I semi di finocchio sono nostri alleati. Se soffri di problemi intestinali, reflusso o gonfiore potrebbero aiutarti a farti stare meglio.
Ma come assumerli?


Vediamo assieme quali sono i benefici che potresti ottenere mangiando semi di finocchio e come consumarli correttamente.
Quando consumare i semi di finocchio
Se stai soffrendo di problemi gastrici, di sindrome del Colon irritabile, di reflusso, di acidità o gonfiore valuta questo rimedio naturale, ovvero: i semi di finocchio.

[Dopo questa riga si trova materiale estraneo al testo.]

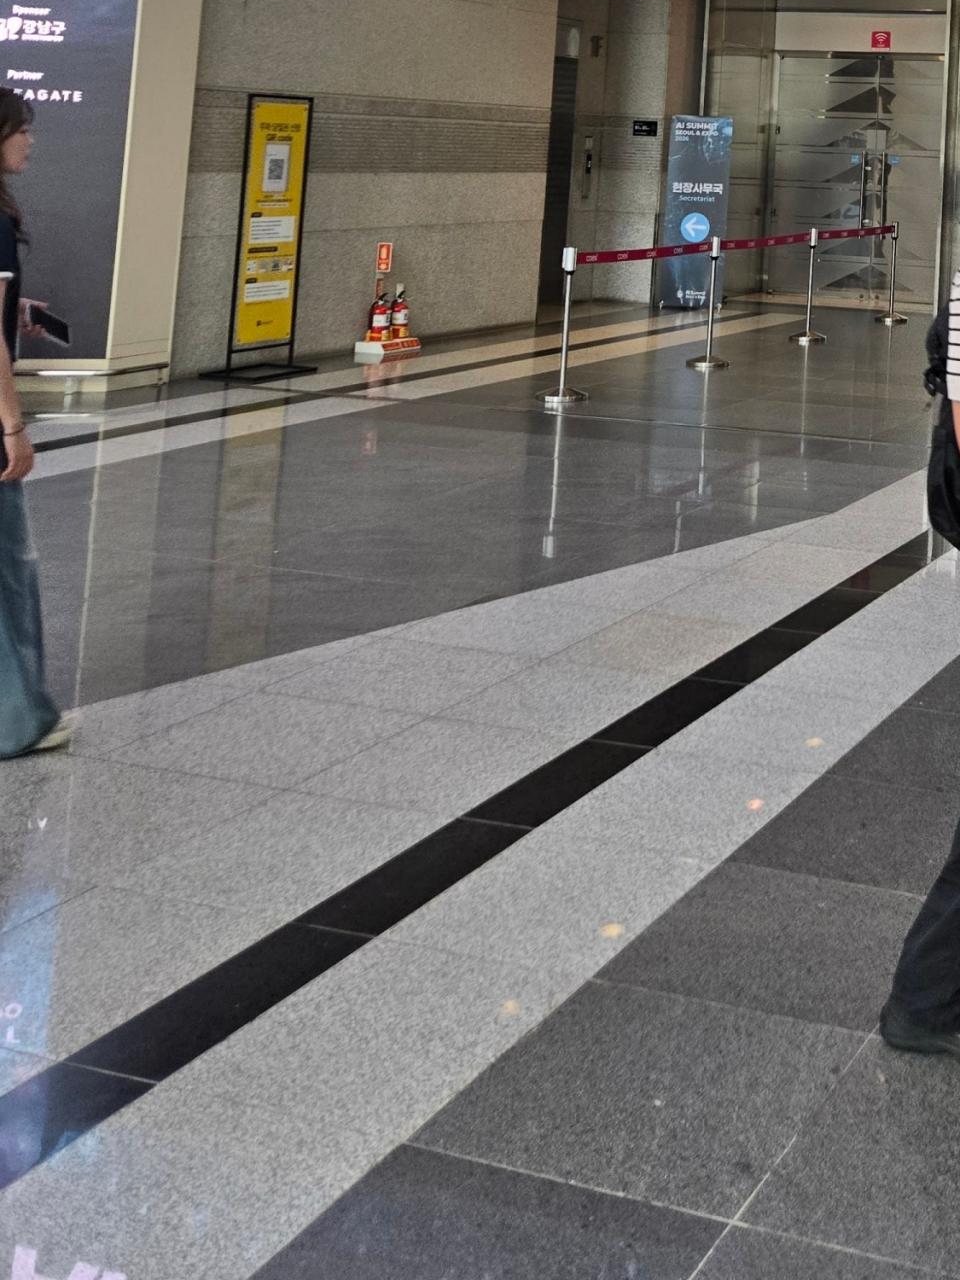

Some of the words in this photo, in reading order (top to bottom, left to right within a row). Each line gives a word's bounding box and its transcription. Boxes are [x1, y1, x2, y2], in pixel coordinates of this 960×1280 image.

[22, 19, 67, 35] 강남구
[13, 88, 83, 102] AGATE
[686, 122, 718, 131] SUMMIT
[672, 181, 724, 195] 현장사무국
[679, 194, 716, 203] Secretariat

Le problematiche digestive sono comuni e, in molti casi, potrebbero essere legate all’alimentazione. Le cause che interessano lo sviluppo dei disturbi gastrointestinali riguardano, principalmente, un consumo eccessivo di cibi processati, di alimenti che contengono troppi conservanti o una scarsa idratazione.
Anche la componente emotiva, alle volte, è responsabile di queste fastidiose patologie.
I benefici dei semi di finocchio
I semi di finocchio sono ricchi di fibre e quest’ultime sono fondamentali per una corretta funzionalità del nostro intestino. Ti aiutano a mantenere una corretta peristalsi, ovvero, quel “meccanismo fisiologico” che permette al bolo alimentare di passare dalla bocca fino ad arrivare alla via escretrice.
Un’altra peculiarità molto importante e tipica dei semi di finocchio riguarda la ricca presenza di enzimi al loro interno. Gli enzimi svolgono una funzione molto delicata: aiutano l’organismo durante il processo digestivo.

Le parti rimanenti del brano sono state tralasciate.